** DATA FOR PROCESSING follows **
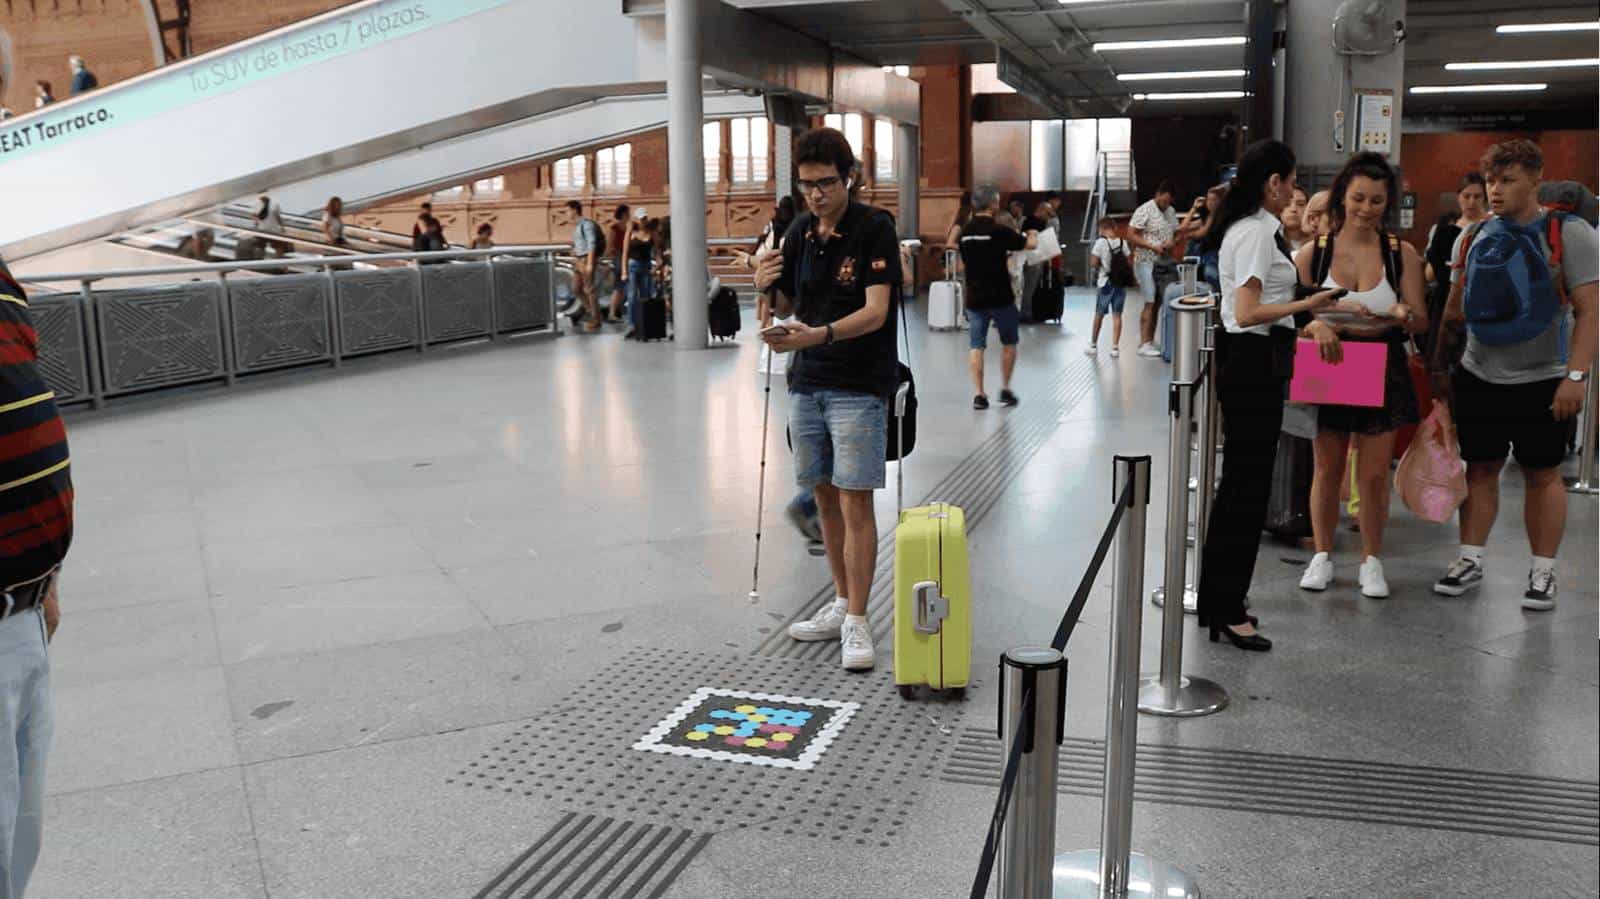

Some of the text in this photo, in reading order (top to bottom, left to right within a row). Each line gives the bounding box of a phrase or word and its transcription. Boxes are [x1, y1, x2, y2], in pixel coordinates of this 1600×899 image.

[189, 4, 430, 92] Tu SUV de hasta 7 plazas.
[0, 108, 115, 153] EAT Tarraco.
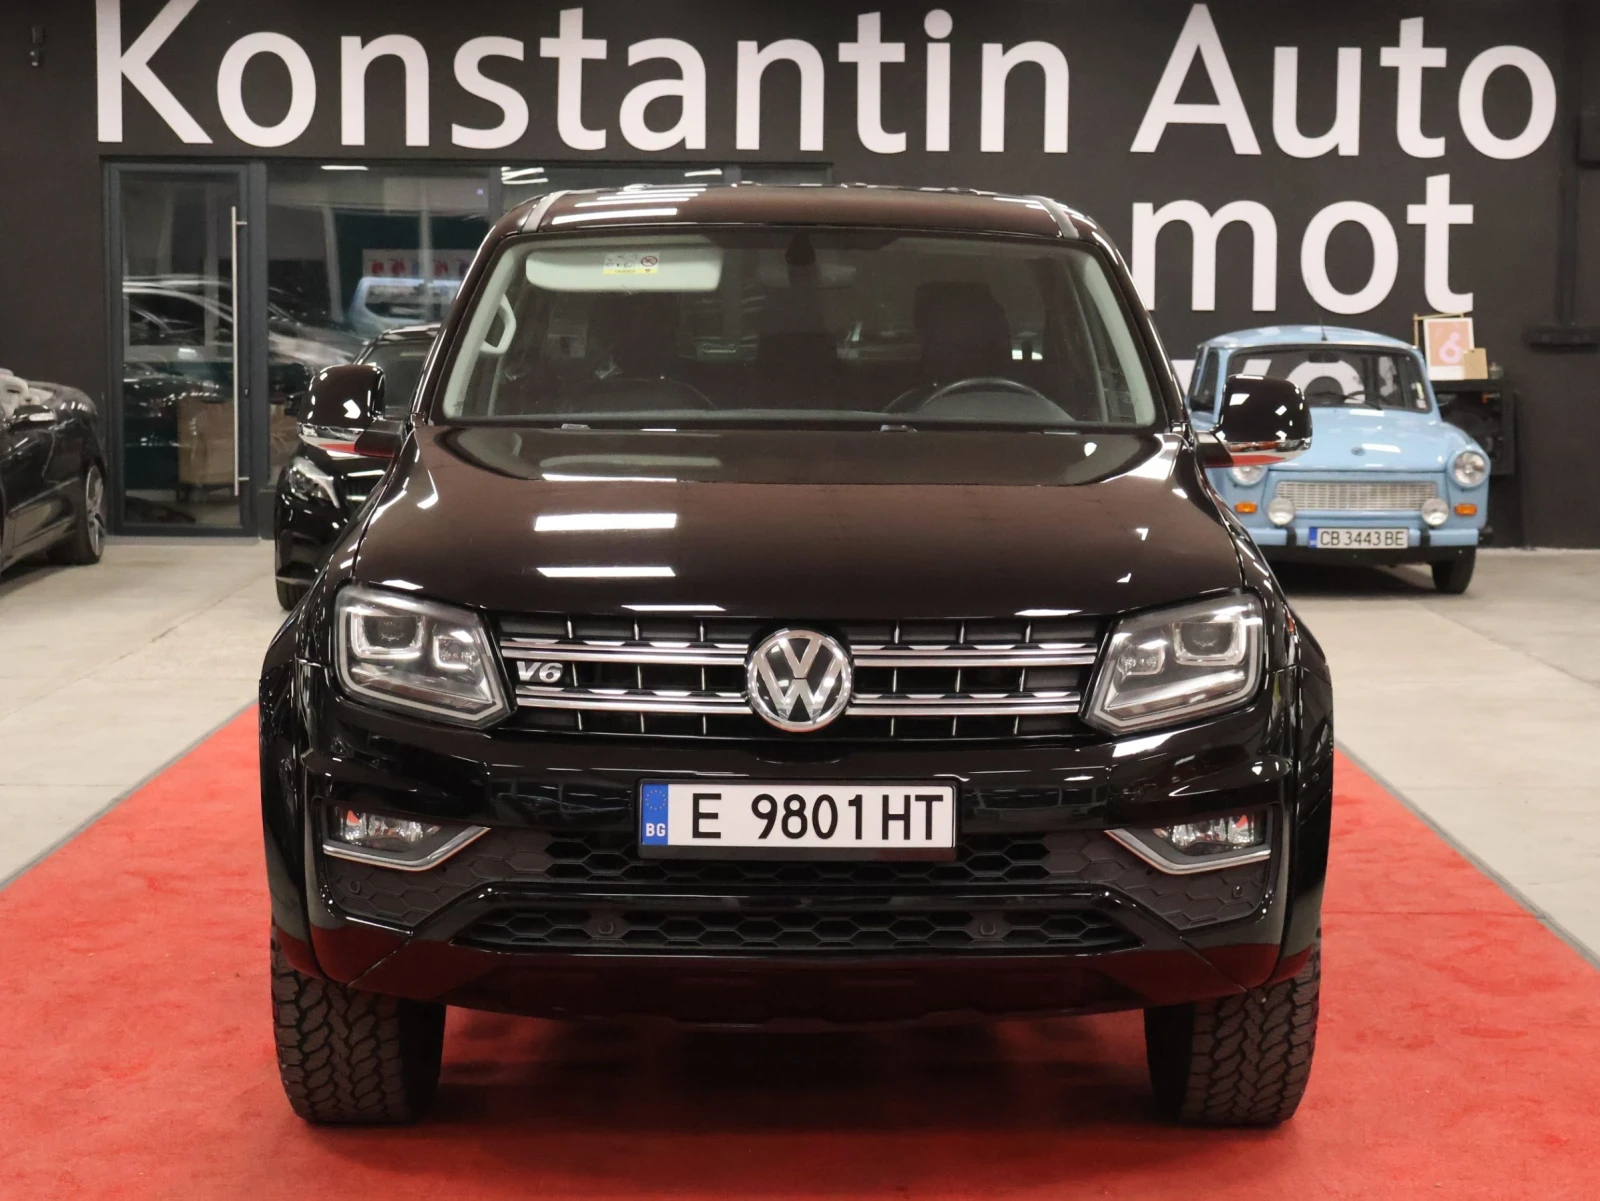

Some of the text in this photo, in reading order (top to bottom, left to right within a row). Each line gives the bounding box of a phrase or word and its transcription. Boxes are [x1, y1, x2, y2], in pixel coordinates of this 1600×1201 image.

[96, 0, 1557, 161] Konstantin Auto
[1131, 173, 1474, 315] mot
[516, 660, 563, 682] V6
[645, 822, 667, 837] BG
** End of DATA FOR PROCESSING **
For this exercise, copy word for word the line that contains "this 1600×1201 image." and every line after it, ending with the last line of the entries above.

Some of the text in this photo, in reading order (top to bottom, left to right within a row). Each line gives the bounding box of a phrase or word and its transcription. Boxes are [x1, y1, x2, y2], in pixel coordinates of this 1600×1201 image.

[96, 0, 1557, 161] Konstantin Auto
[1131, 173, 1474, 315] mot
[516, 660, 563, 682] V6
[645, 822, 667, 837] BG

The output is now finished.